_Requirement:_
Line by line, set down all the data below exactly, omitting any picture.

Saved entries
# # # # #

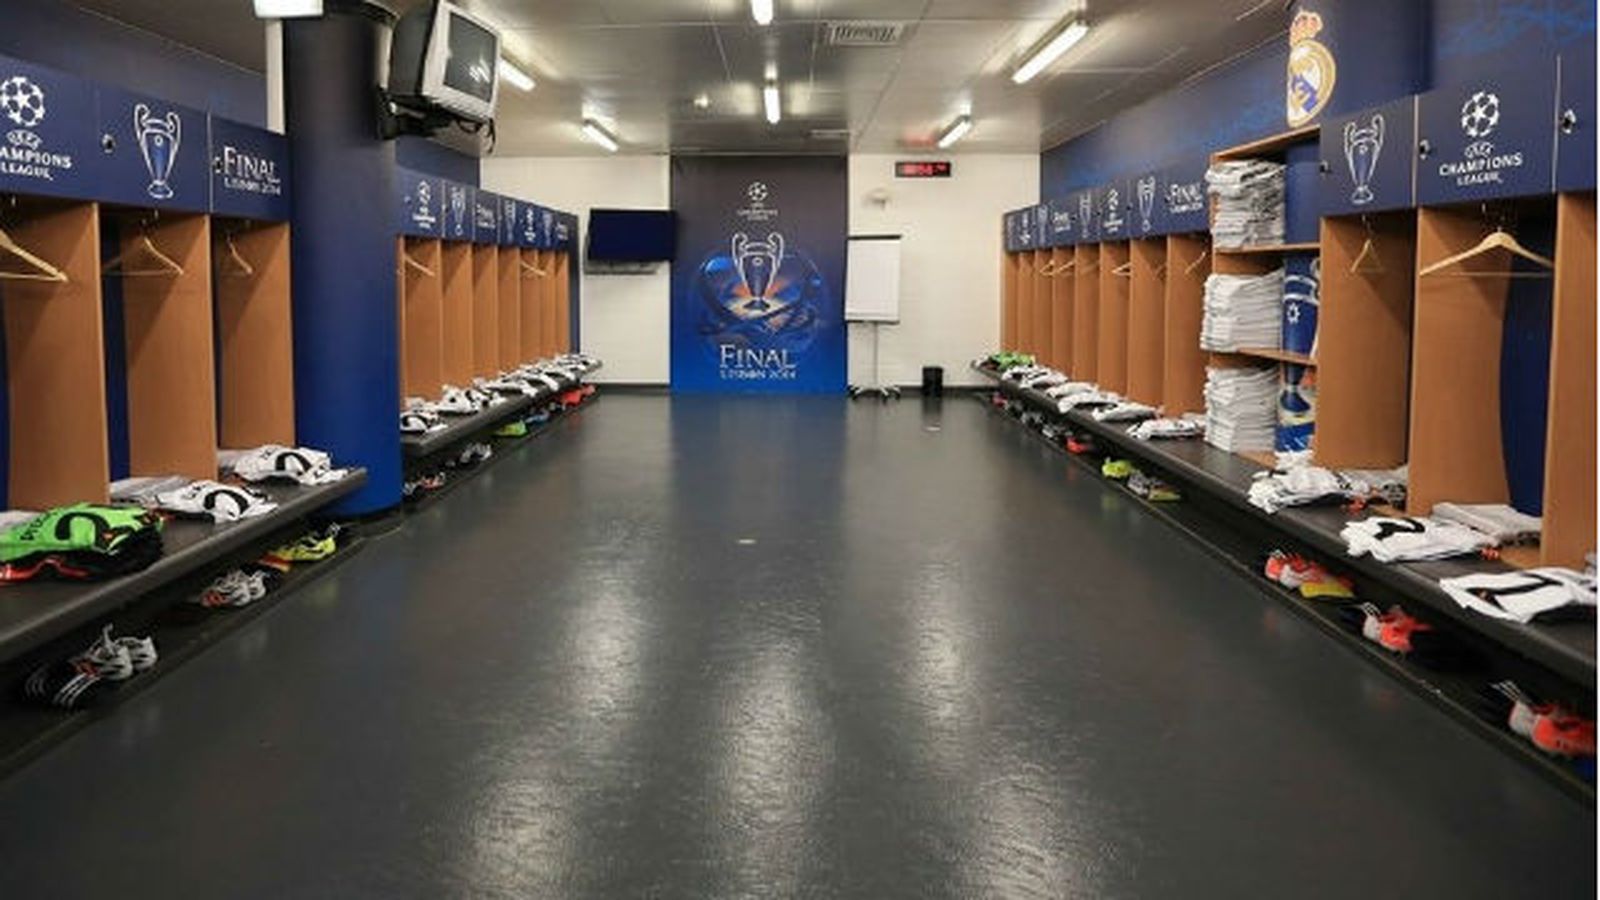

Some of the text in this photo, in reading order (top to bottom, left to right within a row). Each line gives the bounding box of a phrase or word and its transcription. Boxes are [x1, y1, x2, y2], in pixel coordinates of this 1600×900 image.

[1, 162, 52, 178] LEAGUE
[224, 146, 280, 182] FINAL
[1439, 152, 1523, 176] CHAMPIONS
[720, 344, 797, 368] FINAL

# # # # #

_Solved exercise:_
Some of the text in this photo, in reading order (top to bottom, left to right within a row). Each line gives the bounding box of a phrase or word and its transcription. Boxes are [x1, y1, x2, y2], in pixel coordinates of this 1600×900 image.

[1, 162, 52, 178] LEAGUE
[224, 146, 280, 182] FINAL
[1439, 152, 1523, 176] CHAMPIONS
[720, 344, 797, 368] FINAL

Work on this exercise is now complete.